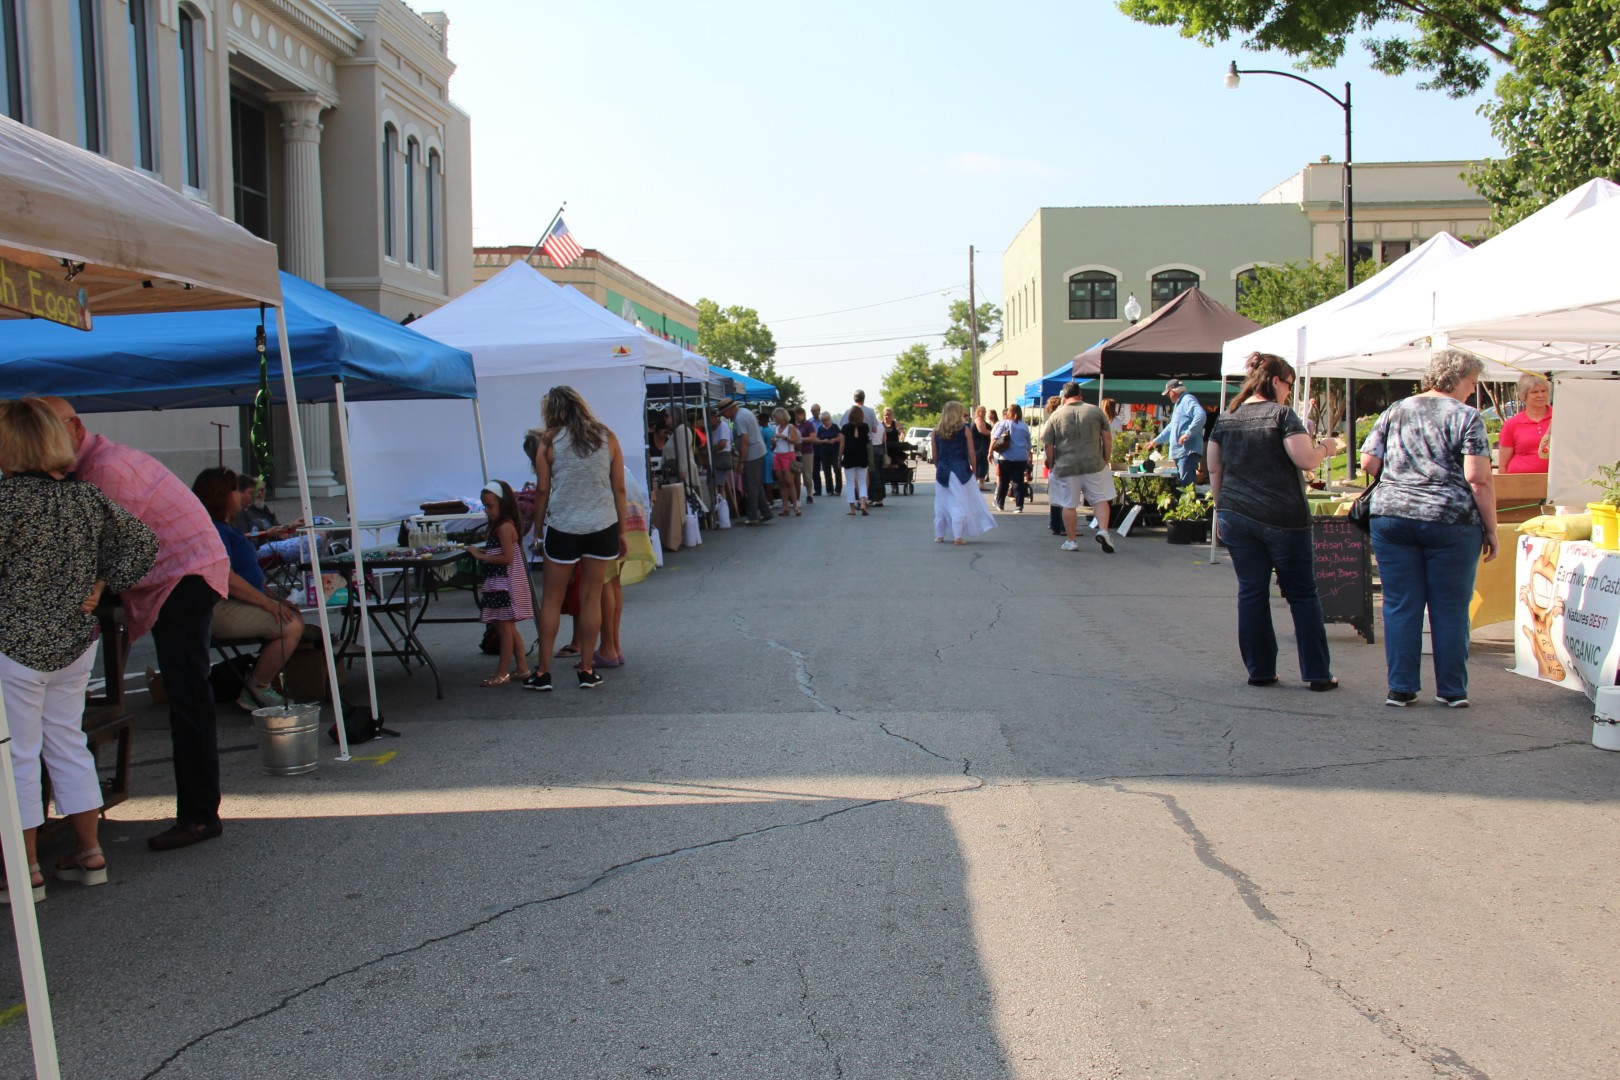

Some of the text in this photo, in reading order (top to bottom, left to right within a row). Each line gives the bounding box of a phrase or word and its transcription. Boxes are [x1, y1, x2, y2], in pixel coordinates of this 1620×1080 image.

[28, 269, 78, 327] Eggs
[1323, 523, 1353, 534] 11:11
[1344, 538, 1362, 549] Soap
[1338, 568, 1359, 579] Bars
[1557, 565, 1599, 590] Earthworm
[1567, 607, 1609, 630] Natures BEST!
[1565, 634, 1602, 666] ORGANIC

◆ ◆ ◆

* Task statement *
Your output should be the records above, duplicated exactly and picture-free.

* Solution to the problem *
Some of the text in this photo, in reading order (top to bottom, left to right within a row). Each line gives the bounding box of a phrase or word and its transcription. Boxes are [x1, y1, x2, y2], in pixel coordinates of this 1620×1080 image.

[28, 269, 78, 327] Eggs
[1323, 523, 1353, 534] 11:11
[1344, 538, 1362, 549] Soap
[1338, 568, 1359, 579] Bars
[1557, 565, 1599, 590] Earthworm
[1567, 607, 1609, 630] Natures BEST!
[1565, 634, 1602, 666] ORGANIC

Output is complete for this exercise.